Prince Charles: Shots fired during 1994 Australia visit
Prince Charles and his wife Camilla, Duchess of Cornwall will attend the Royal Cornwall Show on Friday. The popular event has returned after two years of absence due to the coronavirus pandemic, with thousands of people attending the opening day on Thursday. Charles and Camilla will visit organisations that support the rural community and while the Prince of Wales visits the Duchy of Cornwall exhibition, the Duchess of Cornwall will attend the Dog Show and Flower Show.

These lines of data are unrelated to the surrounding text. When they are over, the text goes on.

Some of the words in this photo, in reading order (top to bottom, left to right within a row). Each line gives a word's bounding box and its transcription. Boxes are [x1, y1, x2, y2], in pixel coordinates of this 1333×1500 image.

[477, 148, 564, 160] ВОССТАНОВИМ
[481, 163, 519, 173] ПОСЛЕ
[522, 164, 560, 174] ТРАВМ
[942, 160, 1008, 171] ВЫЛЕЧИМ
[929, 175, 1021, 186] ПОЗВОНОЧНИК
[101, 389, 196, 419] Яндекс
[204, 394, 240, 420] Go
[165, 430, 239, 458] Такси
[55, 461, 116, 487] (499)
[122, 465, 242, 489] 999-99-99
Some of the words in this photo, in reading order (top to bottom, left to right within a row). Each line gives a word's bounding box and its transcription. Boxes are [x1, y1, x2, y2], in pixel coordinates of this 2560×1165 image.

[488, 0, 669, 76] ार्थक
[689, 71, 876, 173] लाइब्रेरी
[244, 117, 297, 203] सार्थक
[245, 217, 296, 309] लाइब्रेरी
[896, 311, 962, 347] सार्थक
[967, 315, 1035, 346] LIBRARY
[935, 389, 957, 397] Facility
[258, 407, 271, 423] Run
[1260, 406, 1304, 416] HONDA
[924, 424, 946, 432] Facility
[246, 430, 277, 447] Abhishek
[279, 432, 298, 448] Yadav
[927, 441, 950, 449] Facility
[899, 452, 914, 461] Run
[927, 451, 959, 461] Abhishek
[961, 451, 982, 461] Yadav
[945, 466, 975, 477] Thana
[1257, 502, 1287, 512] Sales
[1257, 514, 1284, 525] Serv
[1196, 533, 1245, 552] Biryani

The prince first visited the show in 1970 and was last at the event in 2018, and has been Royal Patron of the Royal Cornwall Agricultural Association, the charity that organises the Royal Cornwall Show, since 2002.
Charles will also present the 2021 and 2022 winners of his own award, The Duke of Cornwall’s Award for Farm Diversity.
Presenting awards is a standard practice in the realm of all things royal, and the events tend to get lost in the packed history of the Royal Family.
Even a previous suspected assassiantion attempt on the Prince of Wales is often forgotten, and unearthed footage shows Charles’ remarkable reaction to the dramatic incident.
Charles was the target of an ‘assassination attempt’ in 1994.
The prince looked unfazed by the dramatic incident.
In 1994, during a Royal Tour of Australia, the prince was handing out awards when he was targeted by David Kang, a 23-year-old Cambodian university student, who fired two blank shots at the royal.
Footage of the incident shows the then 48-year-old prince on a stage in Sydney stepping forward to give out awards as two gunshots are heard a few seconds apart.
Seemingly unfazed, the heir to the throne merely turned his head in the direction of the noise and appeared to adjust his shirt cuffs.
Charles was then pushed out of the way by a bodyguard as the gunman launched himself onto the stage; other security staff tackled Kang to the ground before escorting him out of the way.
David Kang fired blank shots at the prince before launching himself onto the stage.
Later, in court, Kang said he was trying to highlight the plight of the Cambodian boat people.
At the time, more than 100 boat people were detained in camps in Australia, sometimes for years, while they waited for refugee status to be granted.
He had reportedly written hundreds of letters about the boat people to newspapers, church-people and world figures, including former US President Bill Clinton.
Kang even wrote a letter to Charles to which the royal’s private secretary had replied.
The then-student wanted to attract attention to the plight of Cambodian boat people.
During the court case at Sydney’s central magistrate’s court, the prosecutor said: “In one letter, he indicated it was a cause he was prepared to die.”
Kang was found guilty of threatening unlawful violence and sentenced to 500 hours community service.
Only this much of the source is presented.